Power meters are a great tool to help you with training, as well as establishing proper pacing for races… I have found my PowerTap to be a great addition to my bike.
Of course once I starting looking at the data, I wanted to see if I could start to trend my bike power versus speed to identify a correlation. I’ve looked at sites like:
Although I think these sites are okay for comparing positions (i.e. how much speed you can gain by going from drops to an aero bar), I’ve never found that they correlate well to my power versus speed values. I started tracking some of my rides and plotting the data.
The power required to move a bike is a function of three main components:
- Air resistance – This is the aerodynamic drag associated with moving you and your bike through the wind. I’ve read that about 70% of the drag is actually by your body, and about another 70% of your body drag is determined by your body position (get low and aero).
- Friction – This is the mechanical friction of your bike and tires.
- Slope – Gravity needs to be overcome to go up hill… and that takes watts. Likewise, without applying any power to the pedals, your bike will accelerate downhill up to a point of terminal velocity (when the force of gravity is offset by the friction and air resistance).
With most of my rides being out and backs, as well as many local triathlons, I decided to simplify the power equation by eliminating the slope component. Basically this assumes that if you go uphill on the way out and have to generate extra power to overcome the slope, you will get an equal and opposite offset by the benefit your get from gravity on the way back.

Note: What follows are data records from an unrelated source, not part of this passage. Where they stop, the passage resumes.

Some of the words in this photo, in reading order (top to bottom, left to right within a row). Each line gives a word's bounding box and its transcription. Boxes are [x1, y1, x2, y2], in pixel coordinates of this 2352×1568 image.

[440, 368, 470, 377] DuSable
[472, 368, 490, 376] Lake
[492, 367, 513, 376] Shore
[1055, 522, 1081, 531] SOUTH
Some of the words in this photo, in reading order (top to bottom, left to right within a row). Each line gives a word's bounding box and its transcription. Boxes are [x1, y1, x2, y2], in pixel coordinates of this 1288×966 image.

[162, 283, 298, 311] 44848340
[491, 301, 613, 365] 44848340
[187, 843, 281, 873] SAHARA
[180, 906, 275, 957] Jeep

This leave the power equation as:
Power = Ca * V^3 + Cf * V * Wt
- Ca = coefficient of air resistance
- V = Velocity or speed
- Cf = coefficient of friction
- Wt = weight of rider plus bike
Plotting some of my rides and races, I came up with the following graph:
Although the data is not perfectly aligned, you can see a general trend in the numbers. As you look at the trend line, any points to the left of the line are “less efficient” days while the points to the right would be better efficiency days. In looking at the two data points on the left of the line near the bottom, these were days early this year when I was wearing tights and a coat… which probably negatively impacted my overall efficiency by increasing my wind resistance.
The challenge is then taking the equation above and fitting it to the data. I did this by starting off with “typical” Ca & Cf factors (from this discussion
) and altered them until I got a reasonable fit on my data. What I found was that I had to decrease the wind resistance value and increase the mechanical resistance value to get a fit. The plot of my actual and predicted values are shown below.
I then took these values and plotted a model to project my average speed based on average power levels. As I build power through training, this will give me some indication of the type of speed that you can average over a given race. Understanding that there are a lot of variables, this will only be an average value… but for me it is much more accurate than the generic sites listed above. The plot is shown below:
For reference, my Ca ended up being 0.12 and Cf was 0.053. Note that the velocities need to be converted to m/s in the equation above for these particular coefficients.